A verdade é que descobrir quem está por trás de um número de telefone pode ser um quebra-cabeça, né? Mas existem alguns aplicativos que ajudam, tipo Truecaller ou Whoscall – eu uso o Truecaller, baixei no meu Android faz tempo, e confesso, já me tirou de umas situações bem complicadas. Eles funcionam como uma espécie de detetive virtual, consultando seus bancos de dados gigantescos para tentar identificar o número e até mesmo o dono. Às vezes eles acertam em cheio, tipo, “Fulano de Tal, da empresa Sicrano”, sabe? Outras vezes… bom, nem tanto.

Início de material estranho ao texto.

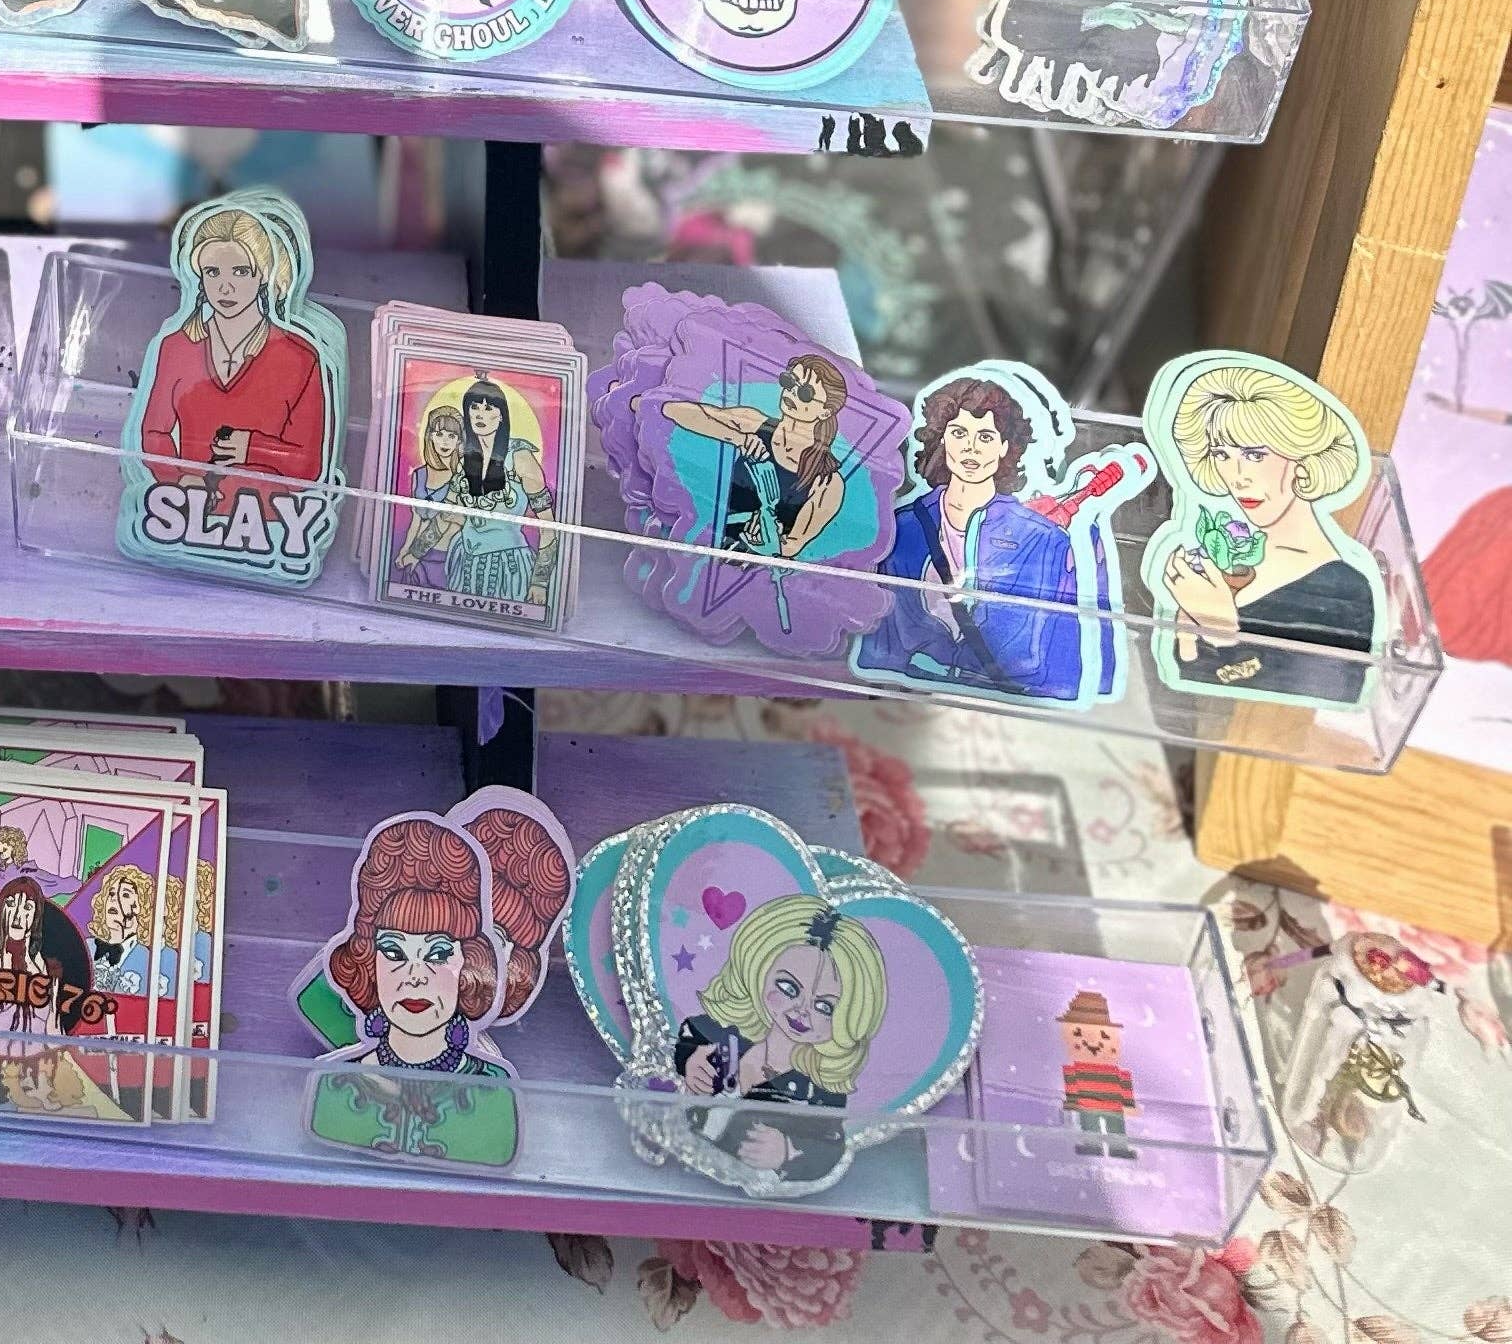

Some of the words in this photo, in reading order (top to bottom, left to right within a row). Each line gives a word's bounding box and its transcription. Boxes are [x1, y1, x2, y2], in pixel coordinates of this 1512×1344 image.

[433, 9, 531, 51] GHOUL
[142, 480, 328, 560] SLAY
[404, 588, 442, 605] THE
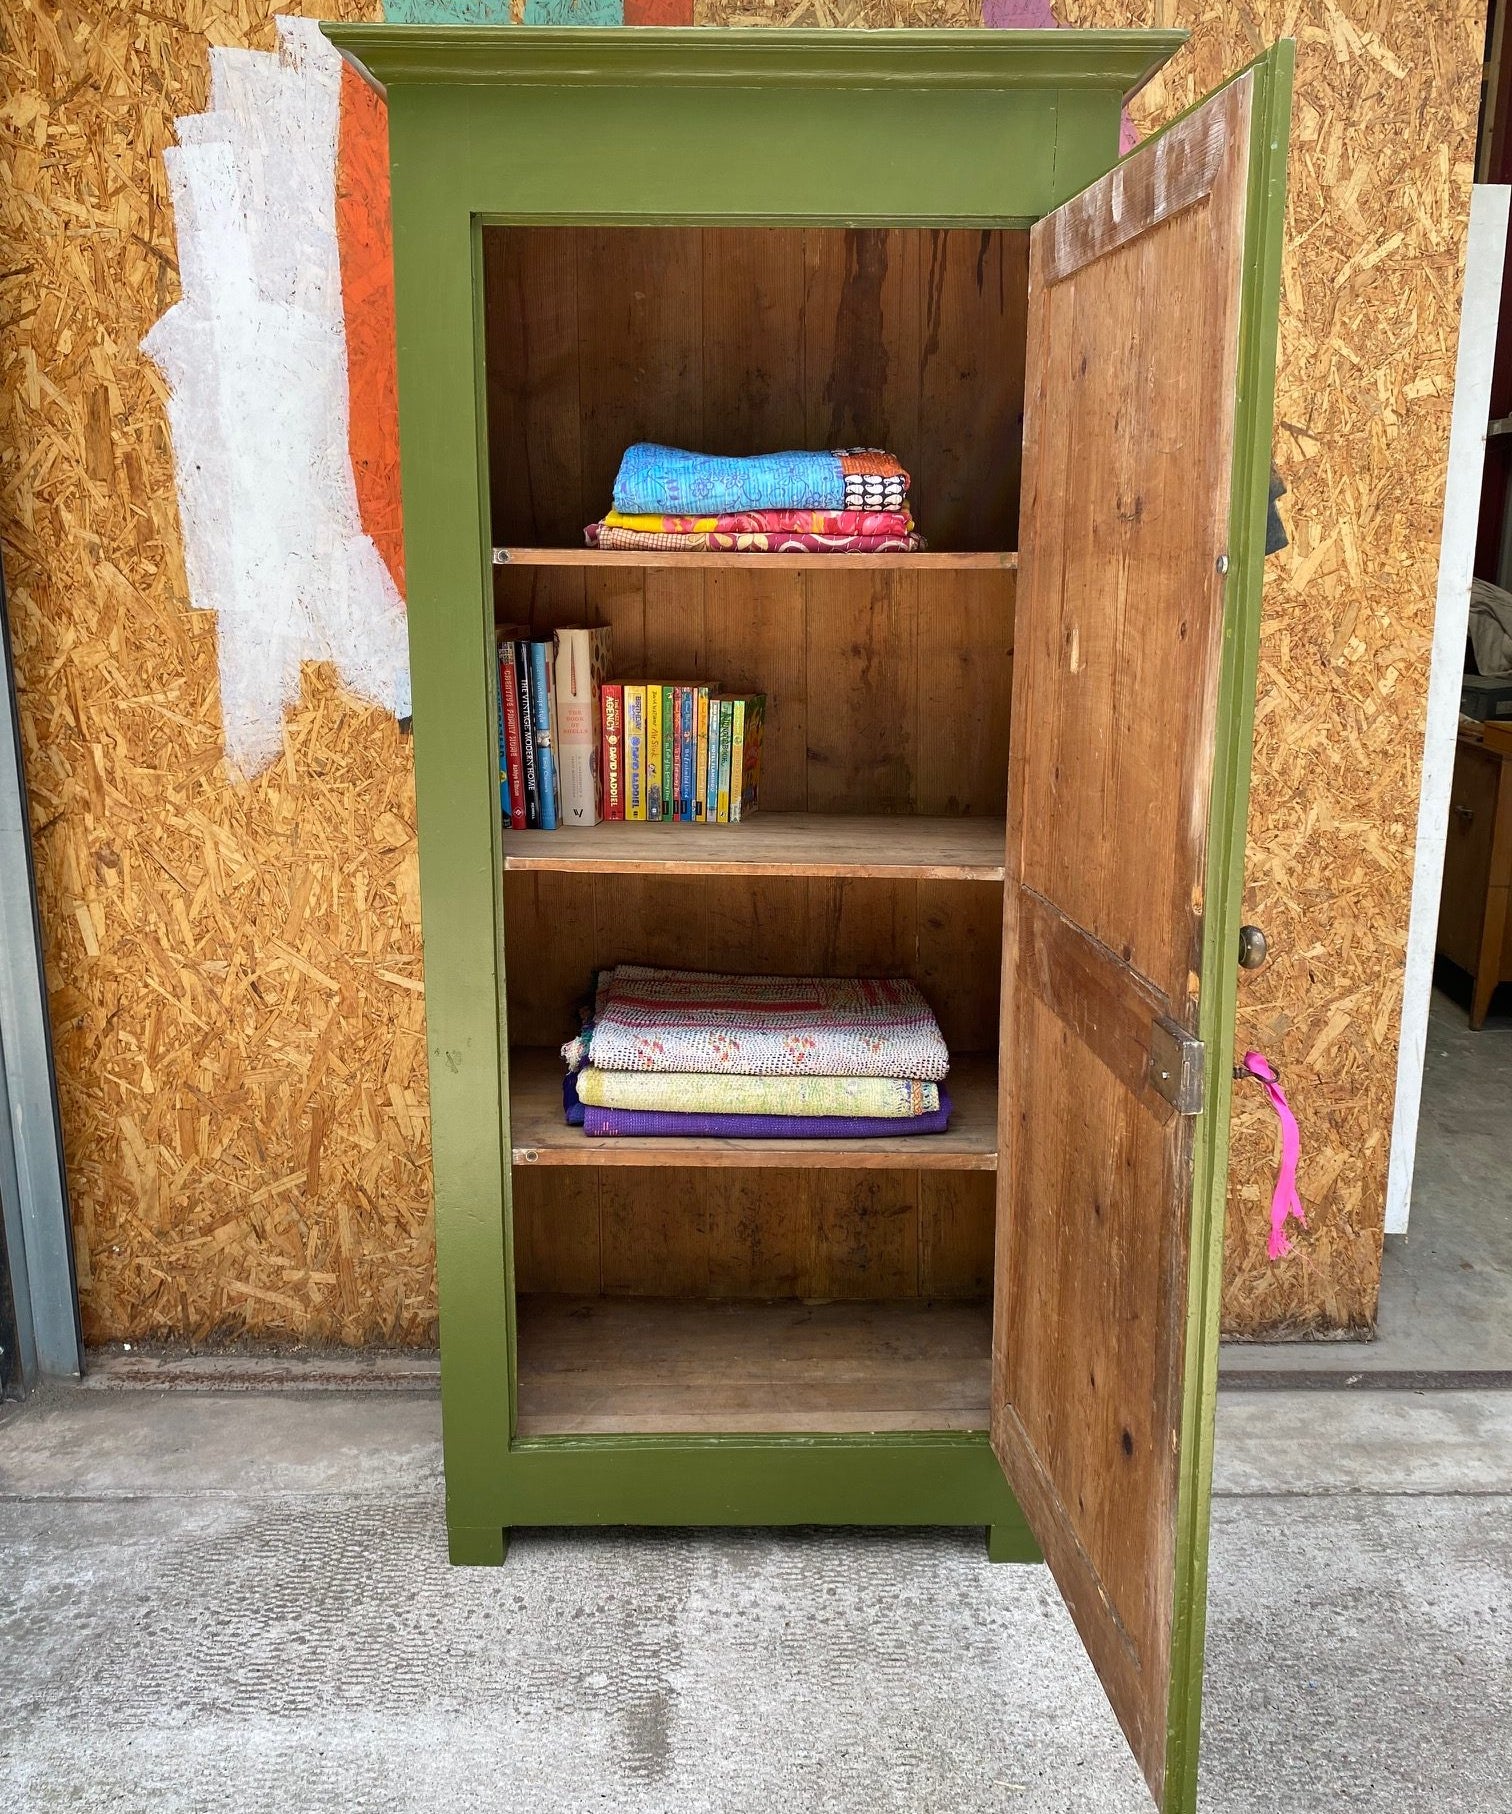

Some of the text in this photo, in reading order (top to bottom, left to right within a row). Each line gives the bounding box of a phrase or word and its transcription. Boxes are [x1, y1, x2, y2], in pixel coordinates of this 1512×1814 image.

É que, o negócio é o seguinte: a informação que eles têm nem sempre está atualizada, né? Já me aconteceu de aparecer um nome totalmente errado, ou até mesmo o número estar associado a uma pessoa que já nem usa mais aquele chip. É meio que uma loteria, sabe? Uma vez, por exemplo, apareceu o nome de "Maria", mas depois descobri que era o número do meu primo, o João. Que confusão!

Então, se você precisar descobrir quem é, use esses aplicativos, mas não coloque muita fé no resultado, ok? É uma ajuda, mas não uma garantia. Às vezes, a melhor solução mesmo é ignorar a chamada – se não reconhece, melhor prevenir do que remediar, não é? Afinal de contas, 70% das ligações desconhecidas que eu recebo são spam, segundo o que eu li. Mas, é claro, tem sempre aquela pontinha de curiosidade... Será que era algo importante? Essa dúvida sempre fica, né?